- **Extracted data**:
------------------------------------------------------------------------

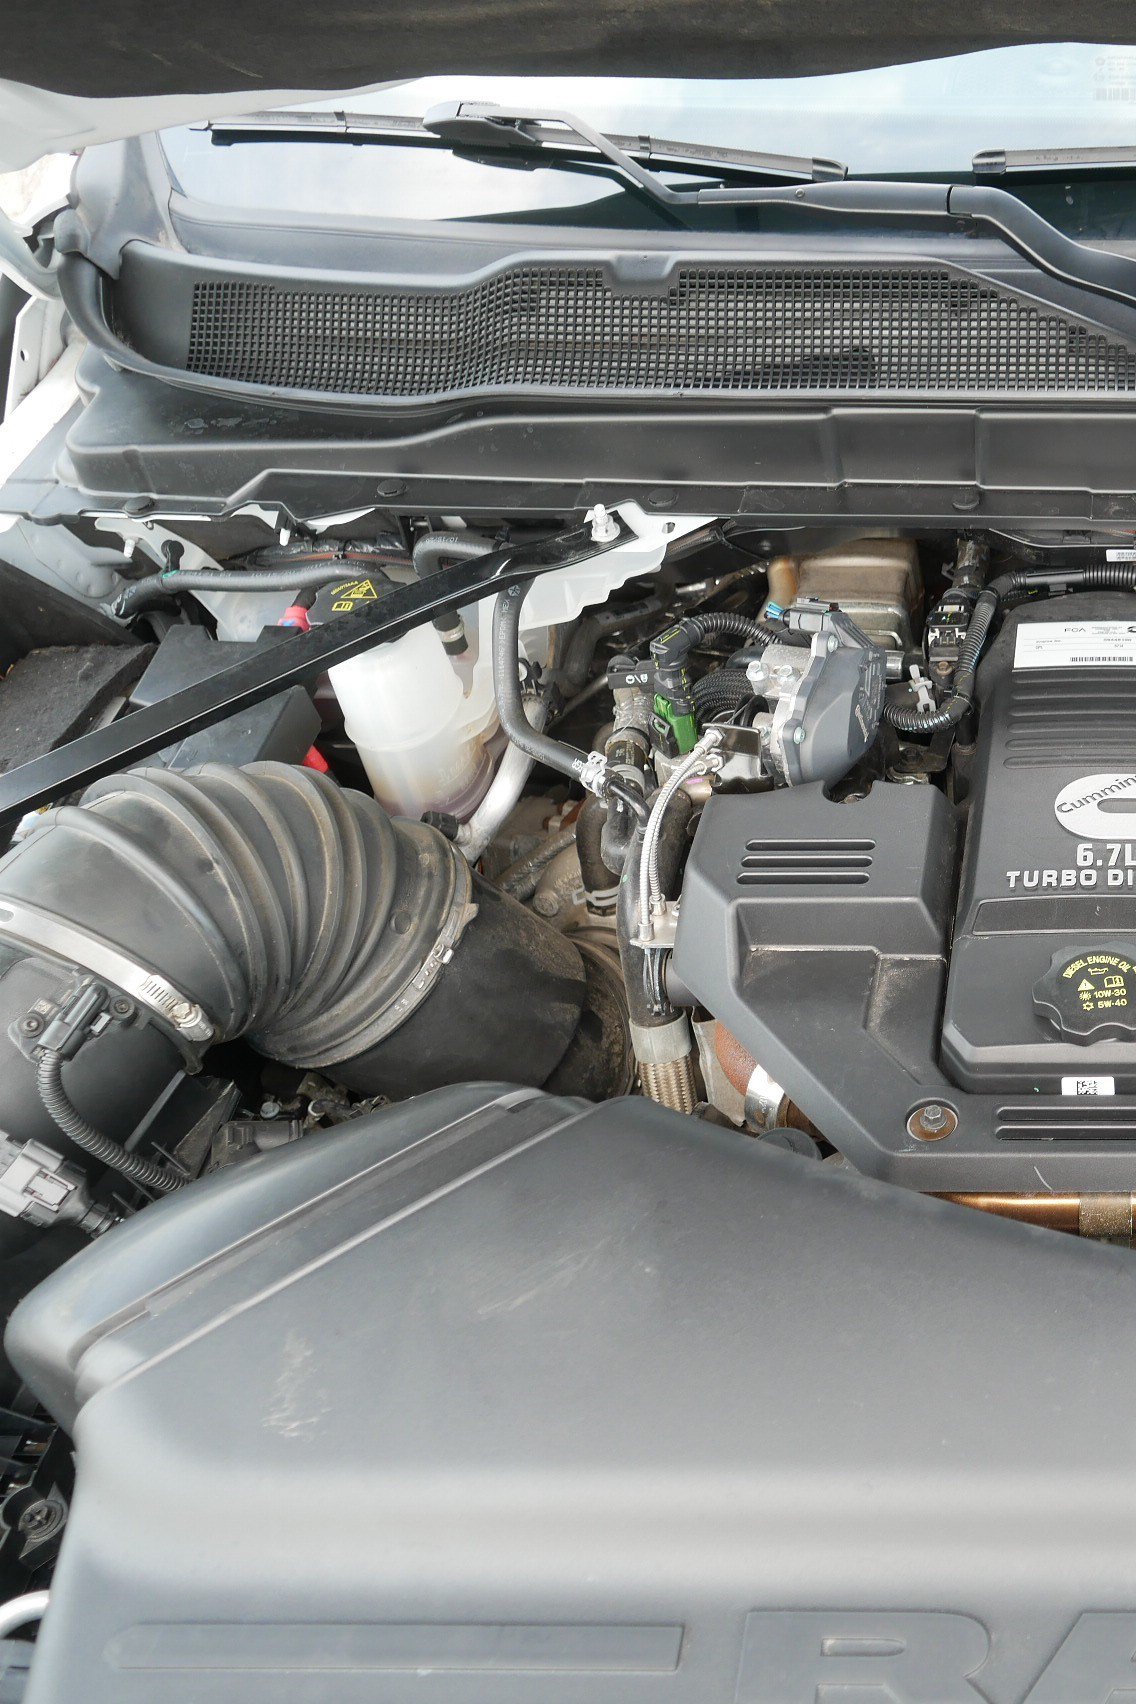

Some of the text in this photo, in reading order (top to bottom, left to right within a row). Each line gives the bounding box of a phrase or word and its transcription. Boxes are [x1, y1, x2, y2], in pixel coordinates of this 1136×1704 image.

[1006, 869, 1098, 889] TURBO
[1062, 959, 1088, 980] DIESEL
[1087, 955, 1120, 966] ENGINE
[1118, 960, 1133, 973] OIL
[1094, 988, 1127, 999] 10W-30
[1097, 998, 1128, 1008] 5W-40
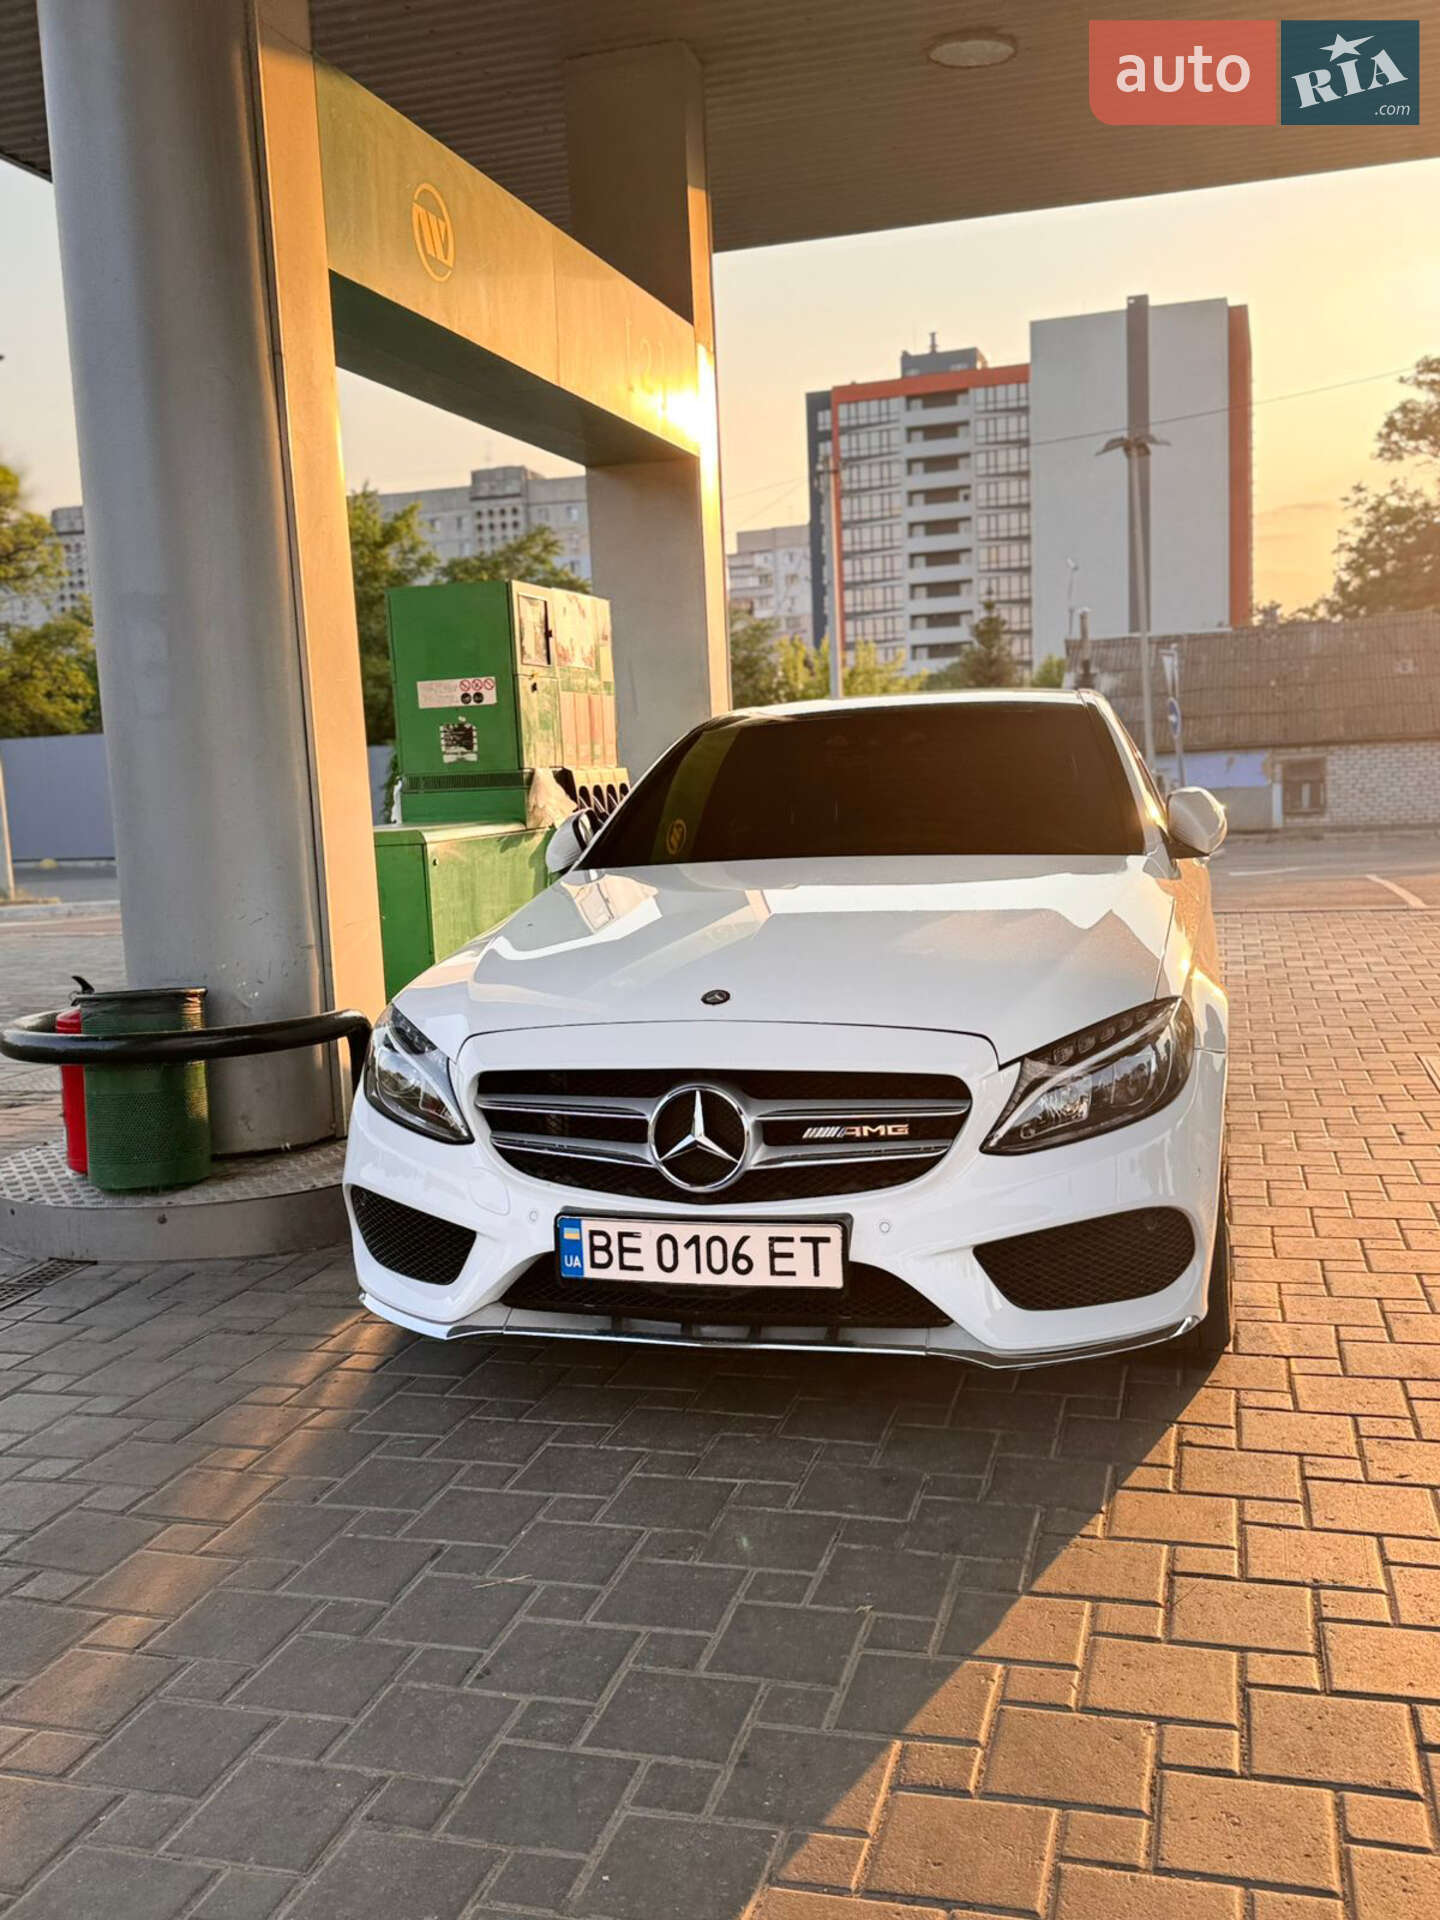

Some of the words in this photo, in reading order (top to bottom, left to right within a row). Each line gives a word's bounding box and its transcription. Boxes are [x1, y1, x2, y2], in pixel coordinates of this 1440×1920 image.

[841, 1123, 909, 1138] AMG
[588, 1229, 644, 1272] BE
[656, 1233, 754, 1276] 0106
[768, 1236, 831, 1277] ET
[564, 1255, 582, 1269] UA
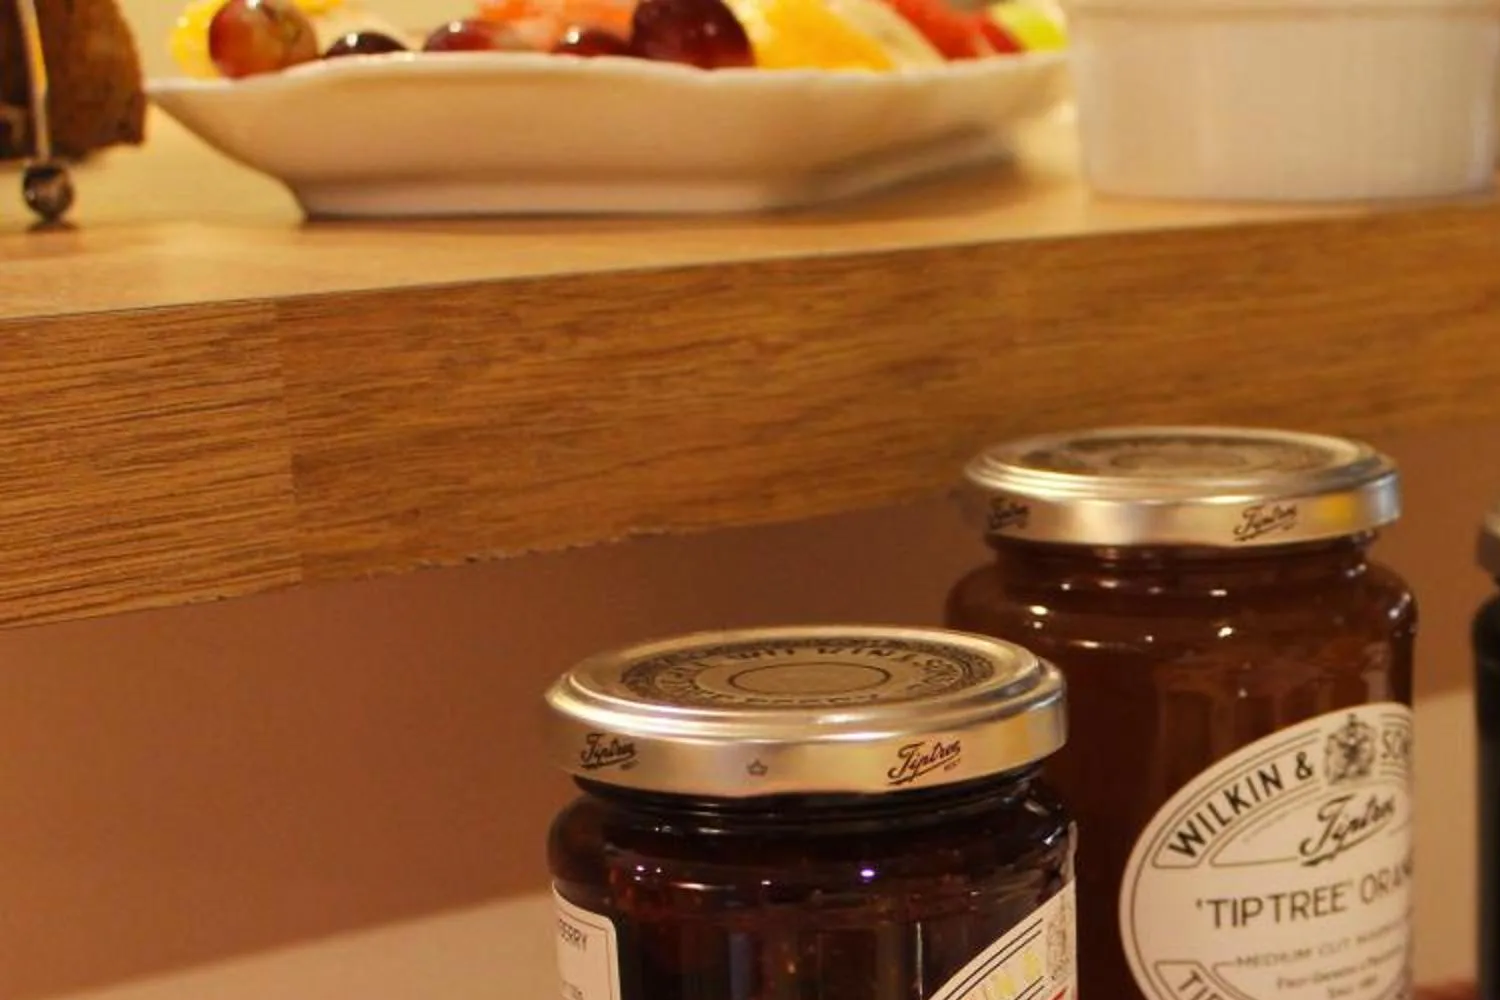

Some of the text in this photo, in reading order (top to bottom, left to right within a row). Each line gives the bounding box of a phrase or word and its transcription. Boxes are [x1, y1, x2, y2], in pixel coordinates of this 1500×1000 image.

[887, 740, 961, 786] Tiptree
[1168, 763, 1284, 861] WILKIN
[1295, 751, 1315, 781] &
[1299, 794, 1397, 867] Tiptree
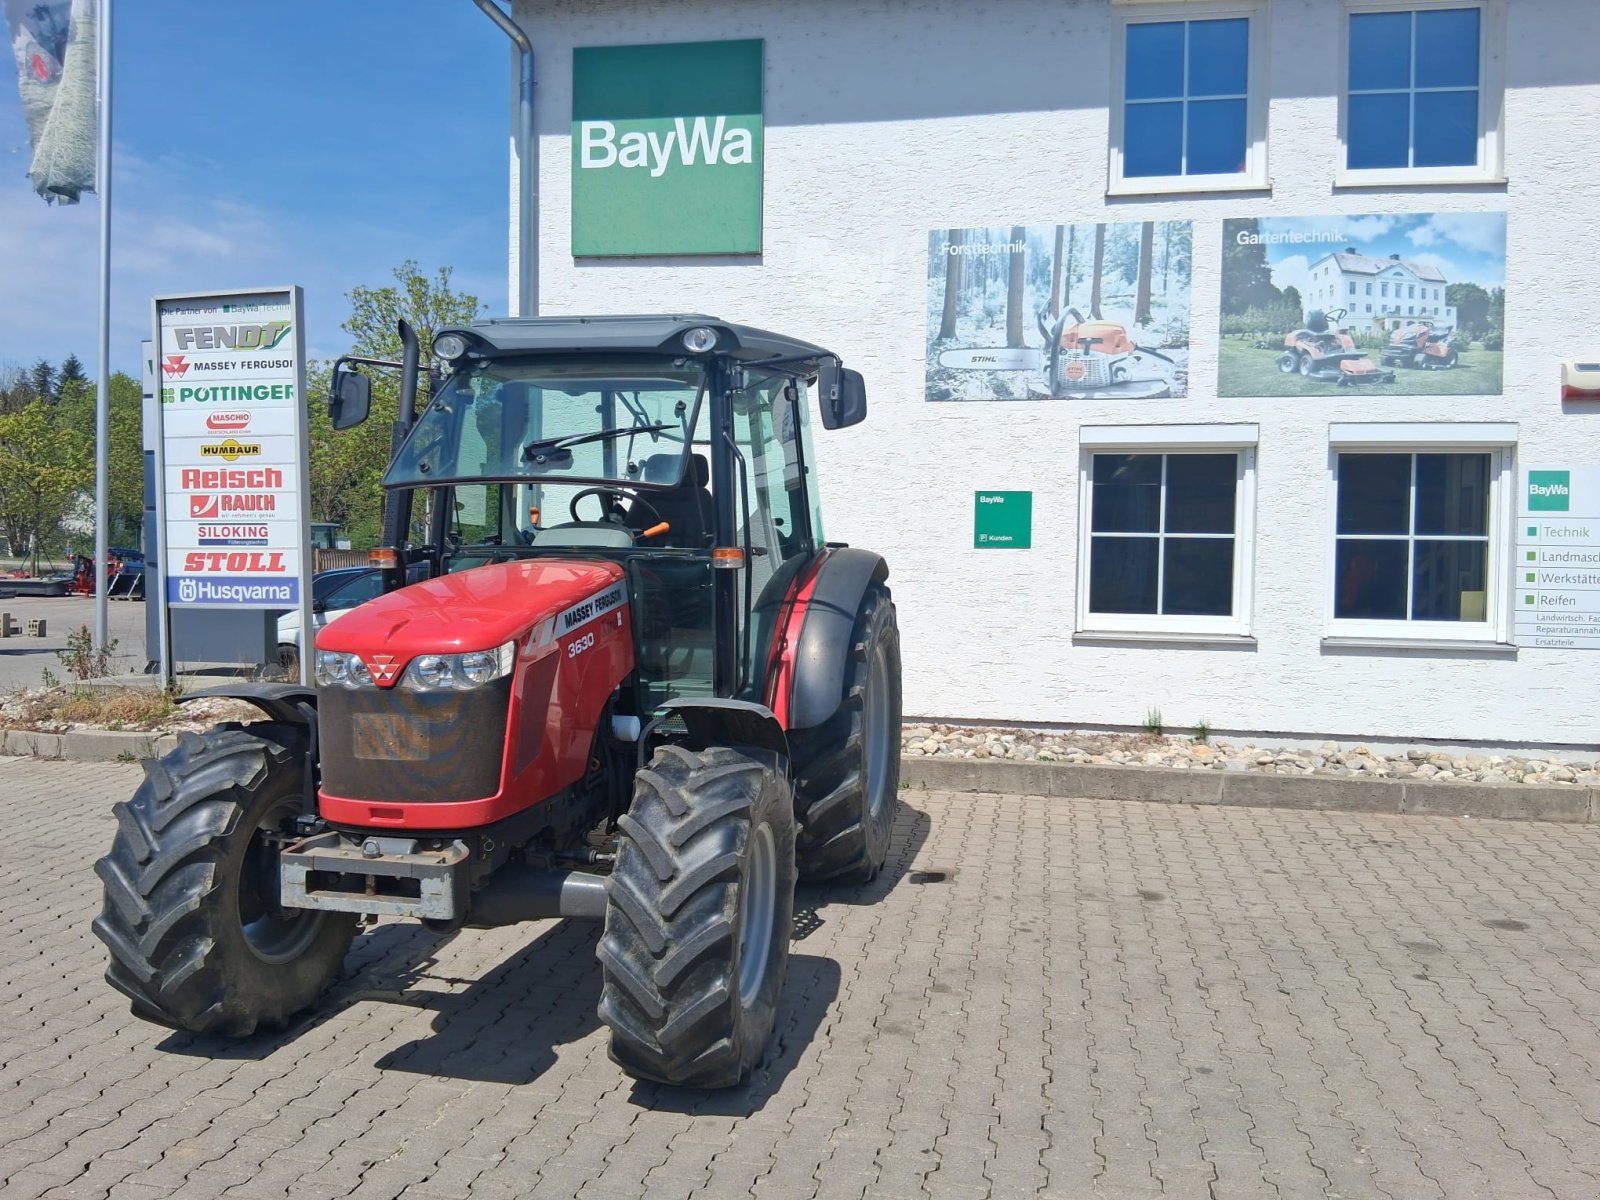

------------------------------------------------------------------------

- **What you are asked to do**:
Output the lines above verbatim, images excluded.

- **Answer space**:
Some of the text in this photo, in reading order (top to bottom, left to right within a row). Each line gives the bounding box of a phrase or word and its transcription. Boxes are [x1, y1, x2, y2], in pixel coordinates of this 1136×1704 image.

[1006, 869, 1098, 889] TURBO
[1062, 959, 1088, 980] DIESEL
[1087, 955, 1120, 966] ENGINE
[1118, 960, 1133, 973] OIL
[1094, 988, 1127, 999] 10W-30
[1097, 998, 1128, 1008] 5W-40

Some of the words in this photo, in reading order (top to bottom, left to right within a row). Each line gives a word's bounding box and its transcription. Boxes are [x1, y1, x2, y2], in pixel coordinates of this 1440×1920 image.

[841, 1123, 909, 1138] AMG
[588, 1229, 644, 1272] BE
[656, 1233, 754, 1276] 0106
[768, 1236, 831, 1277] ET
[564, 1255, 582, 1269] UA

Some of the text in this photo, in reading order (top to bottom, left to right within a row). Each line gives the bounding box of a phrase or word and its transcription. Boxes are [x1, y1, x2, y2], in pixel coordinates of this 1500×1000 image.

[887, 740, 961, 786] Tiptree
[1168, 763, 1284, 861] WILKIN
[1295, 751, 1315, 781] &
[1299, 794, 1397, 867] Tiptree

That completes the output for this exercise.